Welche Rolle spielen Netzwerke wie der Verband deutschsprachiger Übersetzer und die BücherFrauen für Dich?
Netzwerke sind für FreiberuflerInnen das Wichtigste überhaupt. Aus ganz verschiedenen Gründen: man stützt sich gegenseitig, kann Fragen stellen oder anderen weiterhelfen, manchmal bekommt man die Möglichkeit, einander bei Auftraggebern weiterzuempfehlen, es entstehen auch Freundschaften – und nicht zuletzt hilft es auch manchmal einfach der Seelenhygiene, wenn man sich mit Leuten austauschen kann, die dieselben Probleme haben wie man selbst. Außerdem ist nicht zu unterschätzen, was gerade VDÜ und BücherFrauen in ihren jeweiligen Bereichen für ihre Mitglieder an Verbands- und Lobbyarbeit betreiben!
Was tust du, wenn du nicht als freiberufliche Übersetzerin aktiv bist?
Dann bin ich Mitglied in einem Verein für Swingtänze und in einer Kirchengemeinde und werkle gerne mit den Händen. Was ich sehr, sehr gerne tue: kochen und mit Freunden essen gehen und dabei spannende neue Länderküchen entdecken.
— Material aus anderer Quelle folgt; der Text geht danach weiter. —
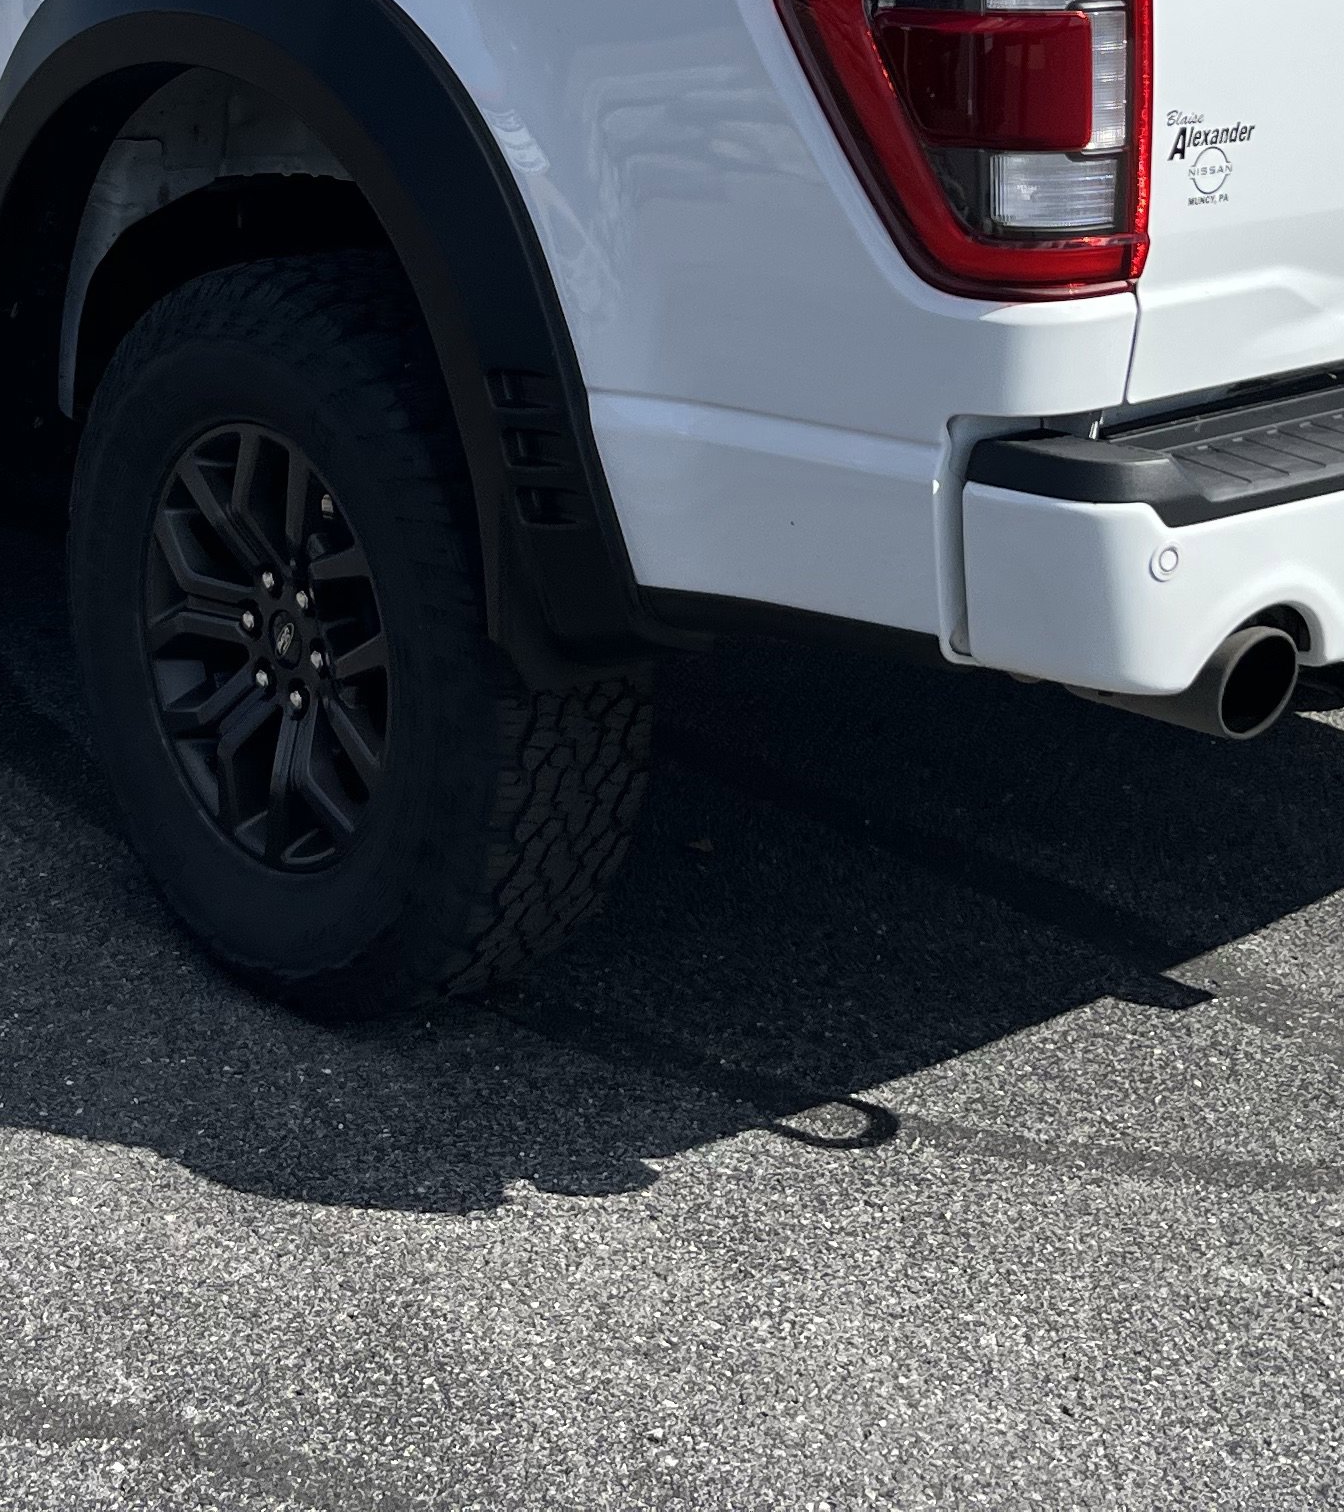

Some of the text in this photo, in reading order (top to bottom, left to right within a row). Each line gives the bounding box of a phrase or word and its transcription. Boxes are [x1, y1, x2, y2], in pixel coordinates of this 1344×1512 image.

[1166, 109, 1205, 127] Blaise
[1167, 121, 1256, 161] Alexander
[1187, 164, 1233, 177] NISSAN
[1218, 194, 1229, 203] PA
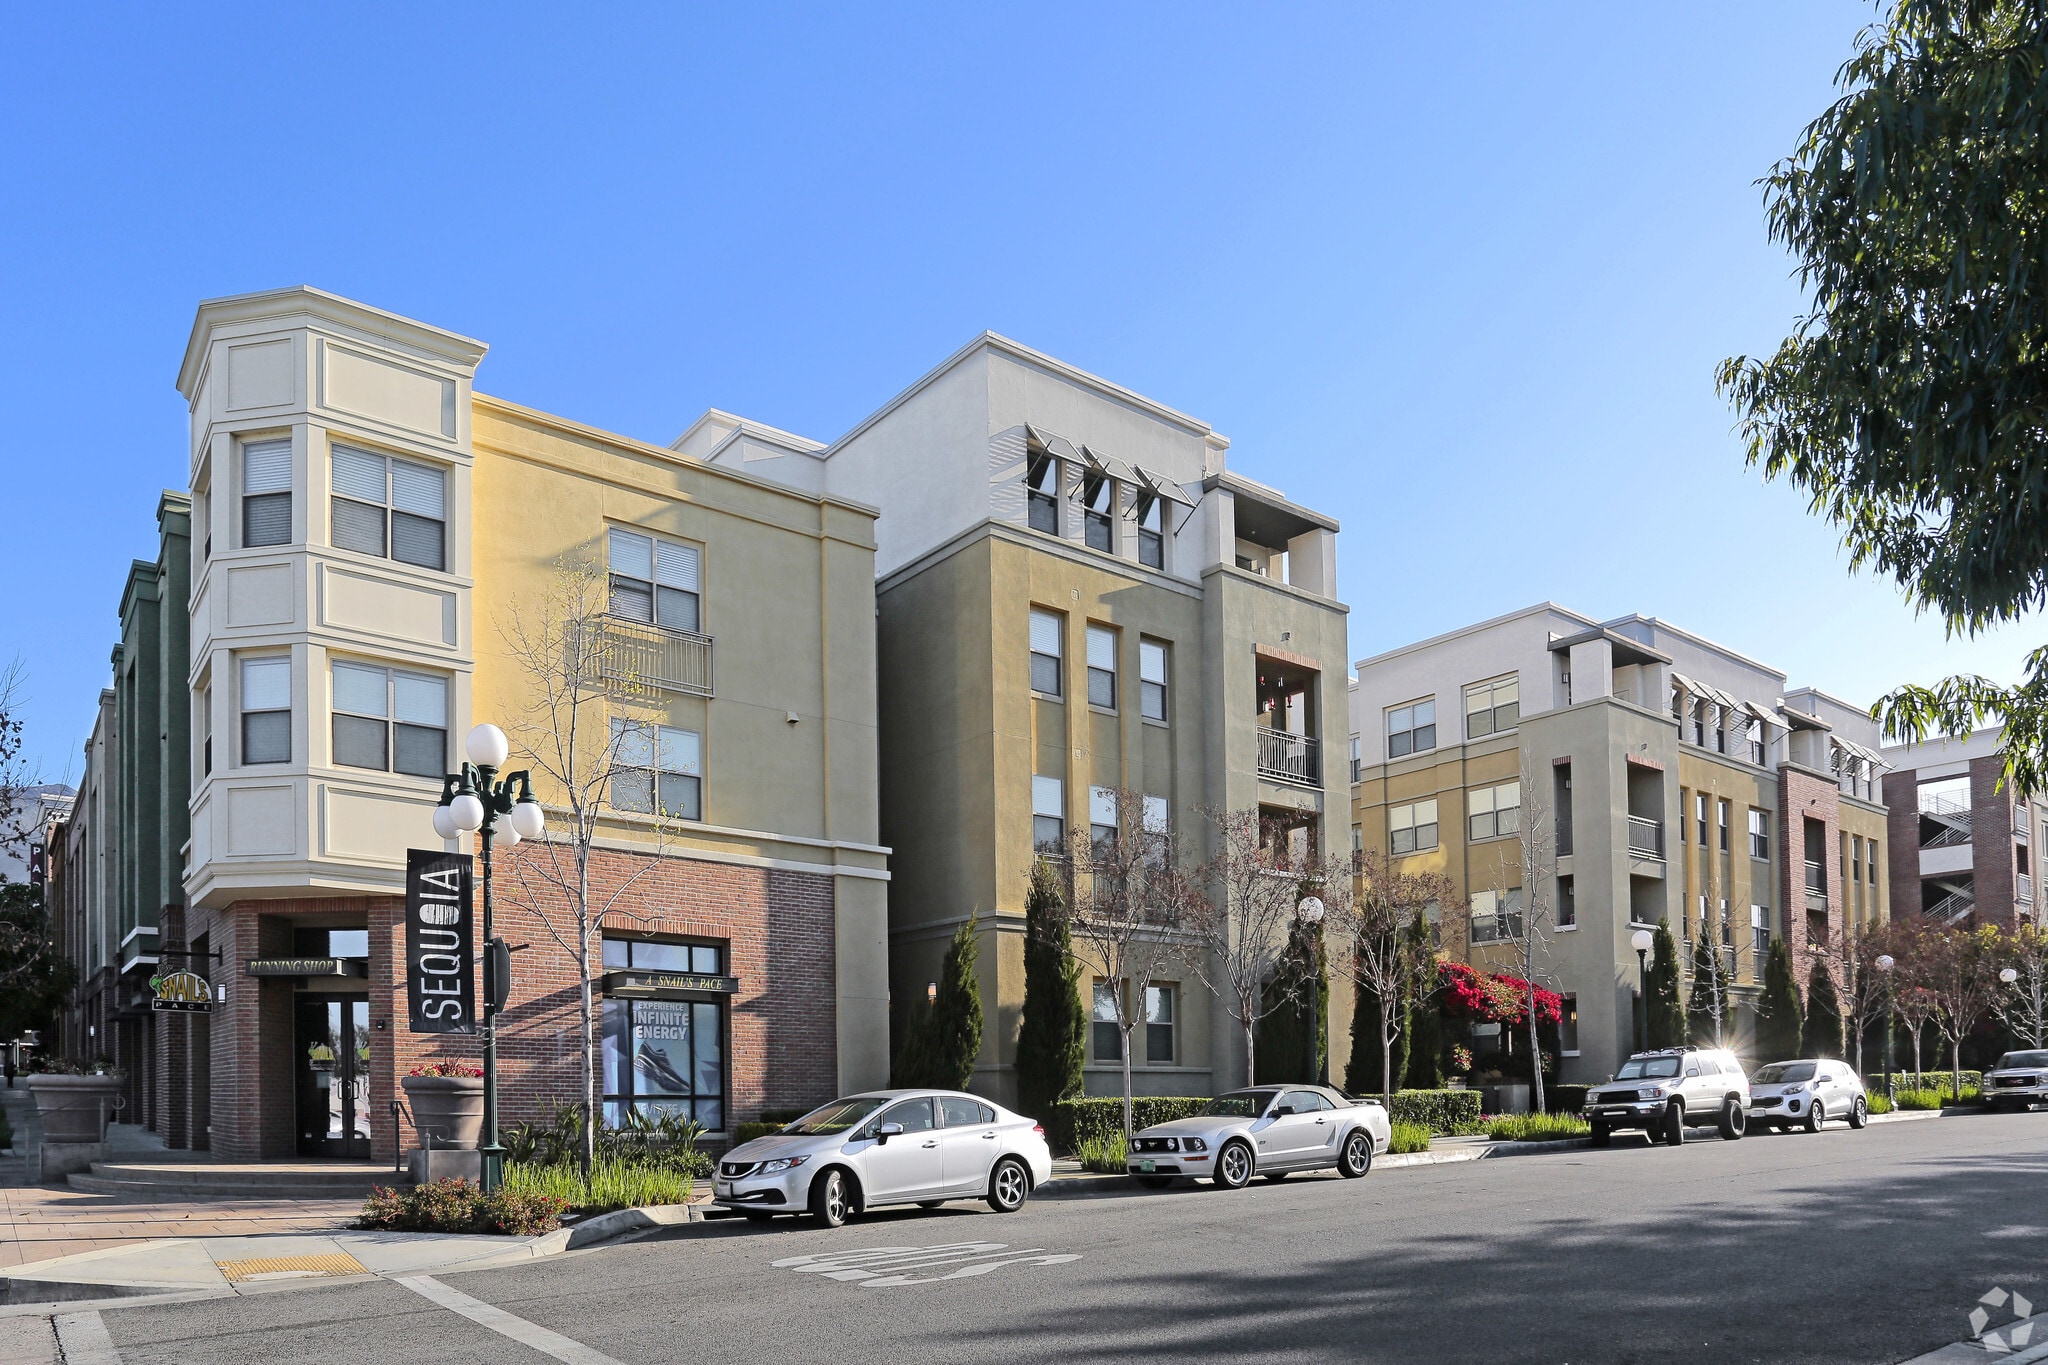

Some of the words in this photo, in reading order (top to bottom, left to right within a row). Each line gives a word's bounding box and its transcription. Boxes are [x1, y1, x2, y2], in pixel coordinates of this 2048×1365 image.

[419, 868, 462, 1020] SEQUOIA
[250, 960, 301, 973] RUNNING
[303, 960, 334, 973] SHOP
[645, 976, 653, 986] A
[657, 976, 694, 988] SNAIL'S
[699, 978, 723, 990] PACE
[155, 1001, 209, 1011] PACE
[638, 1001, 684, 1012] EXPERIENCE
[633, 1010, 689, 1026] INFINITE
[635, 1025, 687, 1040] ENERGY
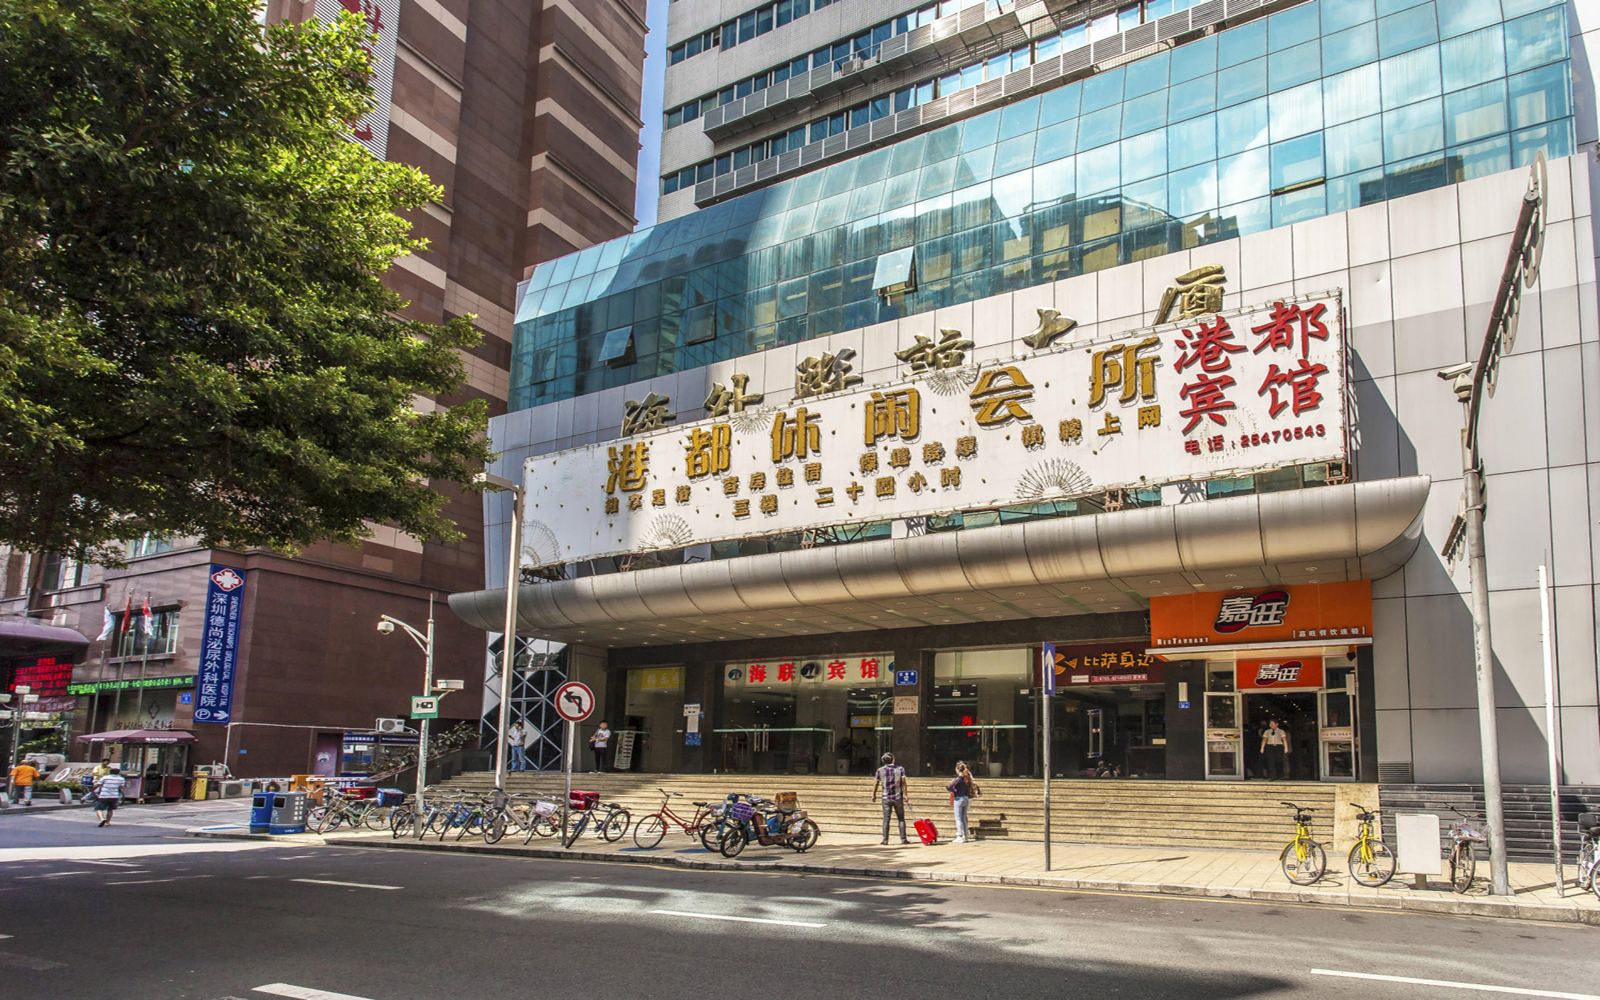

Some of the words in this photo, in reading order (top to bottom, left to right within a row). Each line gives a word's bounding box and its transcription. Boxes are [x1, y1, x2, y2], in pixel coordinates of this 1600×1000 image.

[1174, 302, 1329, 374] 港都
[606, 336, 1161, 494] 港都休闲会所
[1179, 359, 1328, 436] 宾馆
[722, 462, 822, 494] 客房住宿
[732, 493, 778, 517] 三楼
[815, 465, 962, 503] 二十四小时
[1217, 596, 1286, 625] 嘉旺
[200, 592, 228, 707] 深圳德尚泌尿外科医院
[1084, 651, 1154, 668] 比萨身边
[1258, 663, 1301, 682] 嘉旺
[219, 682, 229, 707] HOSPITAL
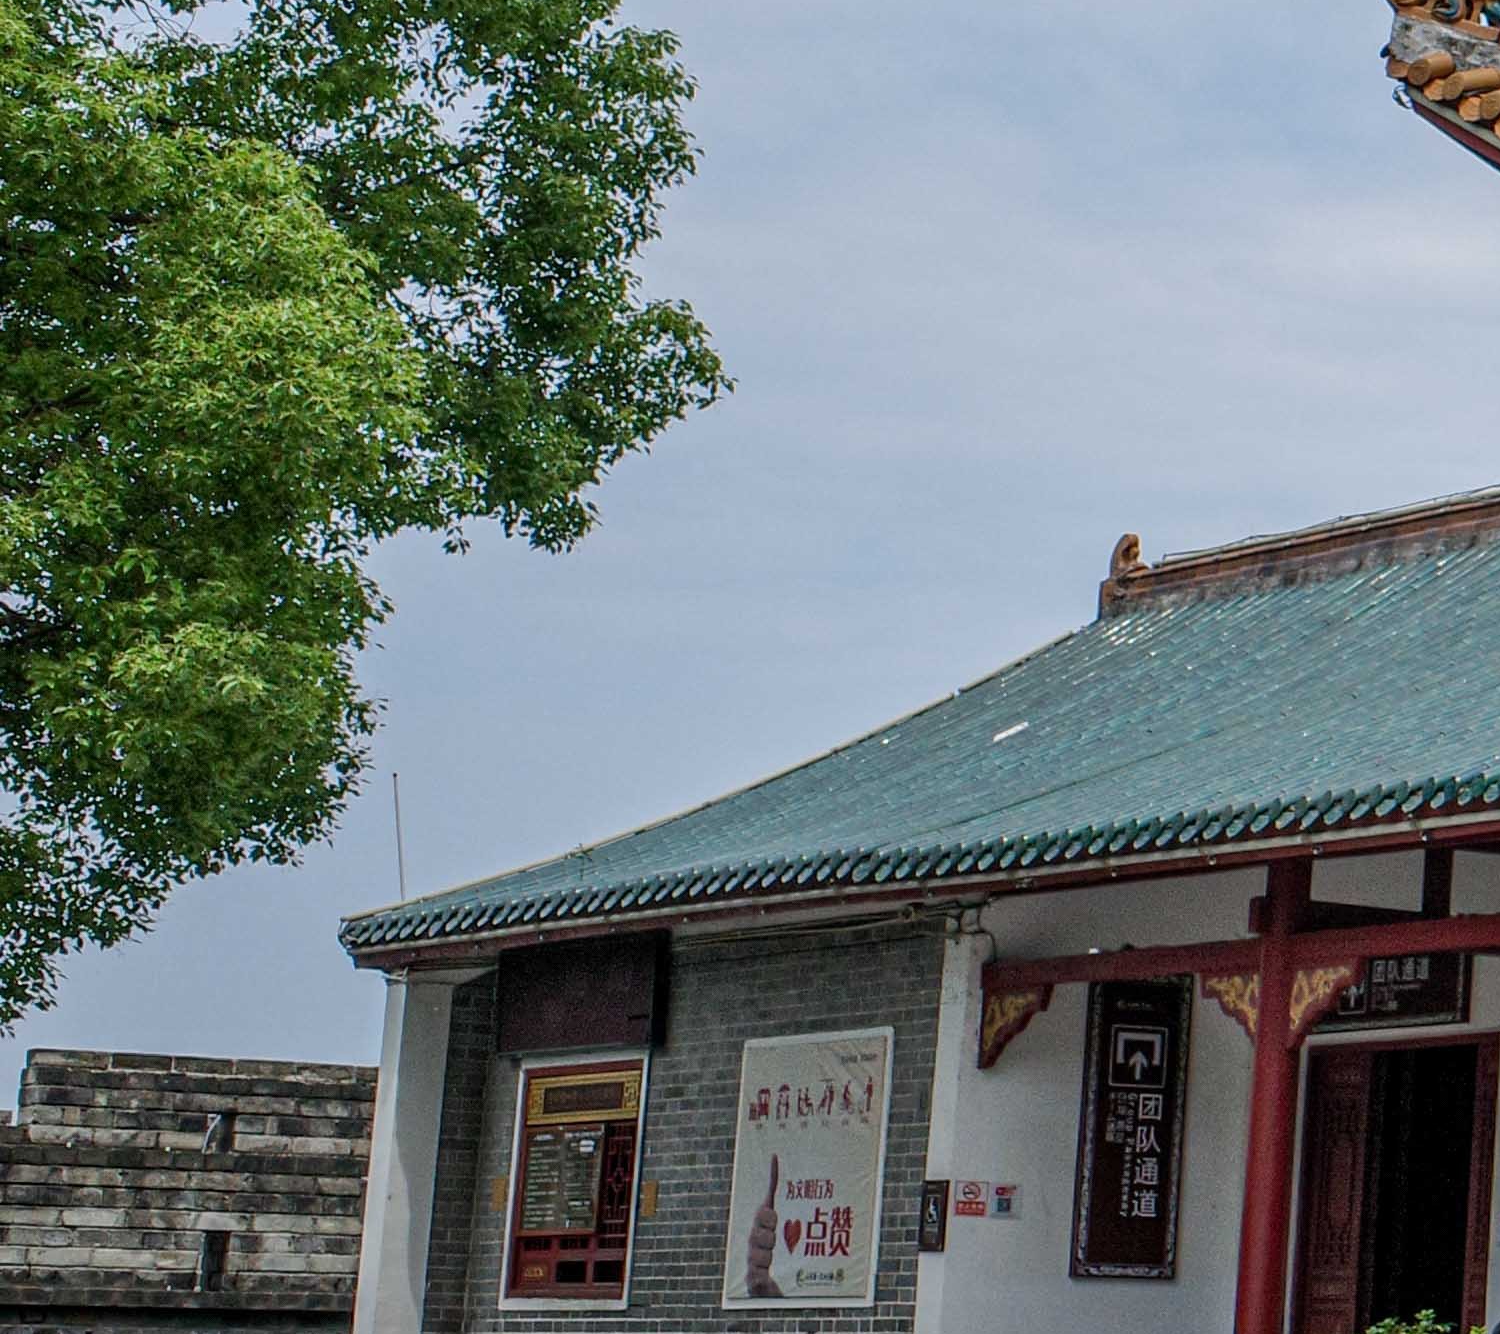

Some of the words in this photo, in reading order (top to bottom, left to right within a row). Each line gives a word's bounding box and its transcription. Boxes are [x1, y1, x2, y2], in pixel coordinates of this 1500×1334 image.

Und am allerliebsten bin ich auf Reisen.
An welchem Projekt arbeitest du aktuell?
Im Moment arbeite ich an einem Jugendbuch von Moïra Fowley-Doyle, einer halb irischen, halb französischen Autorin, die leider auf Englisch schreibt und nicht auf Französisch. Sie sagt von sich, ihre französische Hälfte möge Rotwein und düstere Geschichten, in denen alle sterben, ihre irische dafür aber Tee und Happy Ends – das passt auch recht gut zu mir.
Was oder wen würdest Du gerne mal aus dem Französischen übersetzen?
Ein Traum wäre, Autorinnen wie Fred Vargas zu übersetzen, ich bin schon lange Fan von ihr. Krimis mag ich allgemein sehr, und dass mir Noirs anscheinend besonders liegen, habe ich vor kurzem bei der Übersetzung einer poetisch-düsteren Kurzgeschichte für CulturBooks entdeckt. Dass mir Humor ebenfalls liegt, weiß ich wiederum schon länger. Comics würden mich ebenfalls reizen, in Frankreich ist die Comickultur ja groß, und ich habe das Gefühl, sie kommt immer mehr bei uns an. Spätestens seit man hier im Feuilleton die Graphic Novel entdeckt hat, scheint mir zumindest mehr Bewusstsein für diese Kunstform zu herrschen. Wenn sich da mal ein Projekt ergäbe, wäre das natürlich toll. Generell mag ich vieles, aber Literatur ist ja immer auch Geschmackssache. Ich möchte es mal so ausdrücken: lieber Bücher, in denen Frauen sagen: »Ach, trinken kann ich genausogut allein« als: »So gut hatte sich noch nie etwas angefühlt«.
Was hast Du vom Gastauftritt Frankreichs auf der Buchmesse mitbekommen oder mitgenommen?
Weil eine Studienkollegin und Freundin von mir im französischen Pavillon als Dolmetscherin gearbeitet hat, war ich dort noch öfter anzutreffen, als ich es sonst ohnehin schon gewesen wäre. Meist habe ich mich dort treiben lassen, habe Buchrücken gelesen und mich über das französische Essen gefreut – und mich ansonsten oft einfach von den französischen Podiumsdiskussionen berieseln lassen, egal, was geredet wurde. Einfach, um in der Sprache zu baden. Das ist das Schönste für mich.
Ist Frankreich auch ein Reiseziel für Dich?
Immer! Am allerliebsten! Egal, welche Ecke! Ich habe ein Jahr meines Studiums in der Bretagne verbracht, da möchte ich unbedingt bald mal wieder hin. Die Bretagne ist in den letzten Jahren meiner Vorliebe für Südfrankreich als Urlaubsziel zum Opfer gefallen, das muss sich dringend ändern.
Was ist Dein Lebensmotto?
Ich weiß nicht, ob ich so etwas habe, zumindest nicht konkret. Es rangiert irgendwo zwischen »Probier’s mal mit Gemütlichkeit«, »Behandle jeden so, wie du selbst behandelt werden möchtest« und »Liebe deinen Nächsten«.